Being Jewish
Saving the Rabbinic Library of Izmir

Izmir was home to one of the most renowned Jewish communities and rabbinic libraries in the Ottoman Empire. Now, despite Turkey’s increasingly hostile posture toward Israel and complicated relationship with its Jewish citizens, the ancient port city on Turkey’s Aegean coast is witnessing the rebirth of that library thanks to the efforts of Izmir-born Dina Eliezer.
In 1999, Eliezer, a Jewish educator from Philadelphia who grew up in Israel, was invited by Izmir community leader Sara Pardo to help start a Jewish education program for children. On the last day of Eliezer’s stay, Pardo brought her to Chacham Chane, the former headquarters of Izmir’s rabbinate. According to Eliezer, what she saw there broke her heart—a collapsing roof, water-stained walls, mold and rot everywhere, and hundreds of books in various states of decay.
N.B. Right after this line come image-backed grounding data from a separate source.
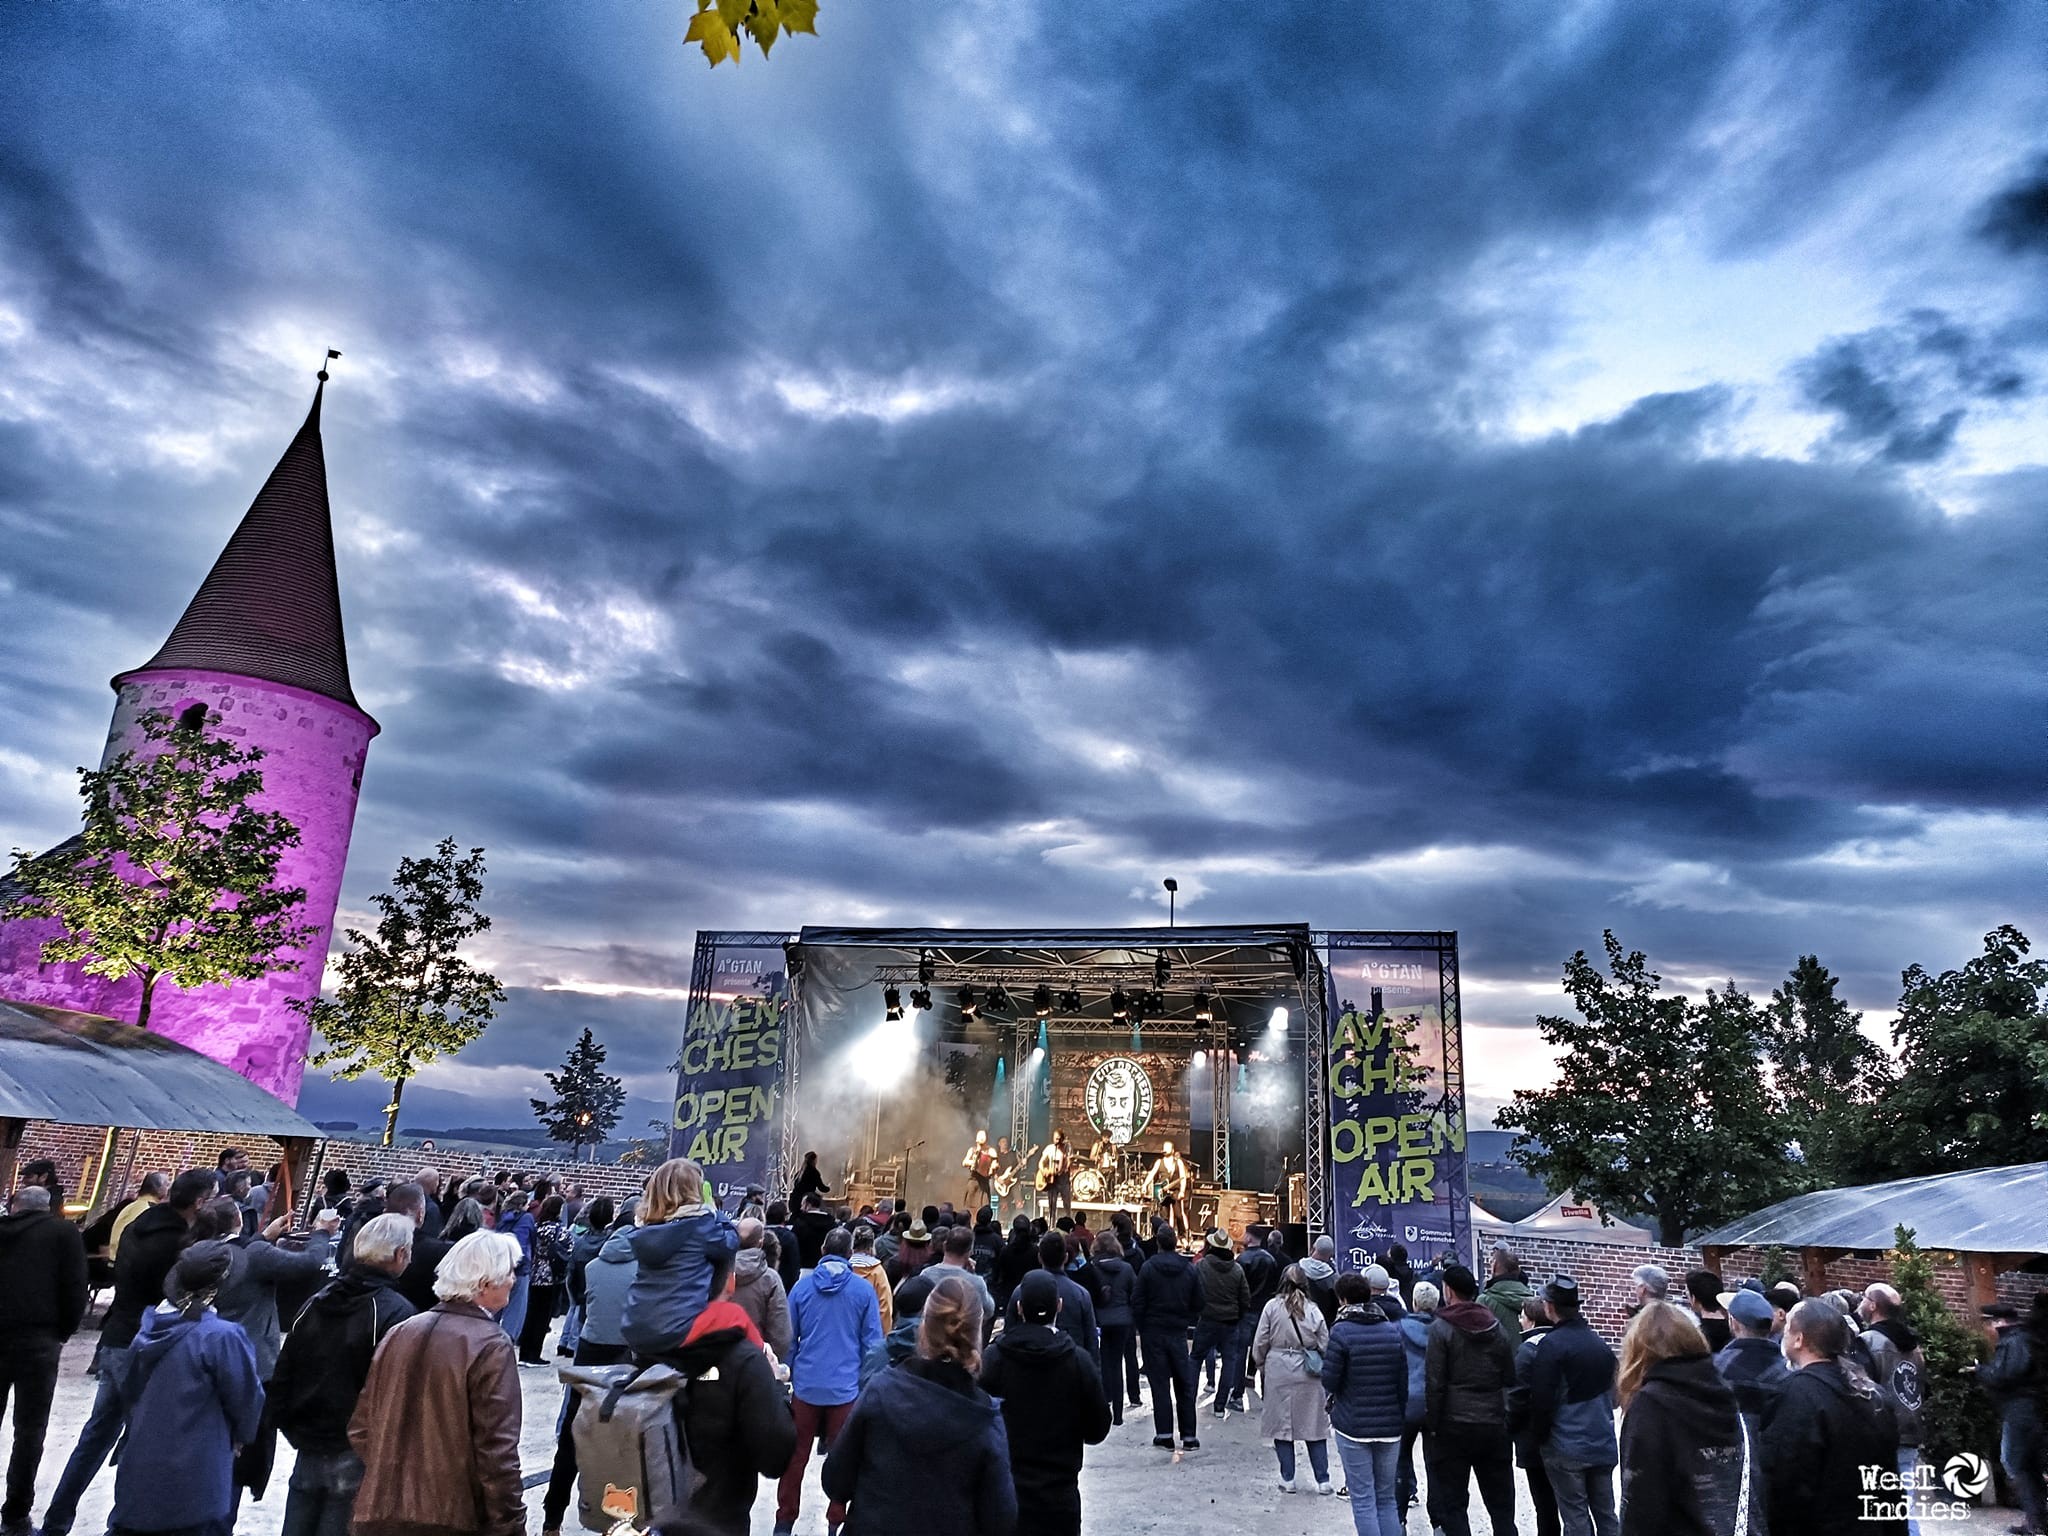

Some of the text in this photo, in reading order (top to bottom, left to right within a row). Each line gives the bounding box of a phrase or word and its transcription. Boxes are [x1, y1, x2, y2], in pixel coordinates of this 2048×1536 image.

[686, 991, 782, 1038] AVEN
[682, 1029, 781, 1076] CHES
[673, 1083, 776, 1130] OPEN
[1096, 1061, 1116, 1082] CITY
[1118, 1061, 1150, 1117] ORCHESTRA
[686, 1125, 749, 1166] AIR
[1331, 1109, 1466, 1163] OPEN
[1351, 1158, 1435, 1208] AIR
[1420, 1228, 1453, 1237] Commune
Eliezer recalled turning to Pardo and saying, “You are murderers! This is the treasure of your community. Look what you’re doing to it.” She then moderated her tone and jumped in to help. “We have to get them out of here ASAP.”
Over the next five summers, Eliezer, who is a member of Hadassah, returned to Izmir to help clean and move the books to a room in the local Karatas Jewish hospital. In the process, she created a list of the more than 1,700 books that were salvageable, among them rabbinic responsa and collections of sermons. Several of them date to the 17th century, and over 450 include marginalia—notes handwritten in Ladino into the margins of the texts—from illustrious Izmir rabbis such as Yosef Escapa, Moshe Benveniste and Haim Palachi.
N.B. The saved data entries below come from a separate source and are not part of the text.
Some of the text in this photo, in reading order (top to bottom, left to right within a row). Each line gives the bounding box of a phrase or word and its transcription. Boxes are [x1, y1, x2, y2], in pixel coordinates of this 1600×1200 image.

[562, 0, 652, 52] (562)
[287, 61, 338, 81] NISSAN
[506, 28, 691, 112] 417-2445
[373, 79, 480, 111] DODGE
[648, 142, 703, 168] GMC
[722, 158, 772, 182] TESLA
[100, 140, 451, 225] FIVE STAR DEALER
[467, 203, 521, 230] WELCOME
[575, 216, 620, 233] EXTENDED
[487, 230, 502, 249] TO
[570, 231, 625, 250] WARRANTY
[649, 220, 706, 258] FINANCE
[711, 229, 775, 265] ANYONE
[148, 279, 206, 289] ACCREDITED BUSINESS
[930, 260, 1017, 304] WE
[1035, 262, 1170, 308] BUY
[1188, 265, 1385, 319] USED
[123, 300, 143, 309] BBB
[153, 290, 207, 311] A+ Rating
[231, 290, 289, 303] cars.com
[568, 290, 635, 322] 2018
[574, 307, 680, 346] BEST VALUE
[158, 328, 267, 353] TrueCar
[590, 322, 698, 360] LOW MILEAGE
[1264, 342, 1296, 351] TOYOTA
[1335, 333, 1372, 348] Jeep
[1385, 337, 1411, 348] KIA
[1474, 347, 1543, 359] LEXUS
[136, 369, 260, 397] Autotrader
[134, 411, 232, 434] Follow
“These are books that the rabbis themselves studied with,” Eliezer said, noting that they also serve as windows into what was once one of the most vibrant Jewish communities anywhere.

Still, the books sat in the hospital storage room for nearly two decades before Eliezer spearheaded the effort to turn the collection into a library. Eventually, with funding from the Rothschild Foundation Hanadiv Europe and the Kiriaty Foundation International, the books and their marginalia were digitized and made available on the website of Izmir’s Jewish community center. And in December 2024, 630 pages of text from various volumes became available through KTIV, a digital platform of the National Library of Israel.
Meanwhile, the physical collection at the Karatas hospital, managed by Turkish-Hebrew-English translator Yudit Sevinir, is now opened to visitors. Like Eliezer, Sevinir is an Izmir native who spent decades in Israel. Among the works she has translated from Hebrew into Turkish is Israeli author Aharon Appelfeld’s novel To the Edge of Sorrow.
“Thanks to Dina’s work,” Sevinir said, “the Izmir Jewish community now has an important part of its heritage available for generations to come.”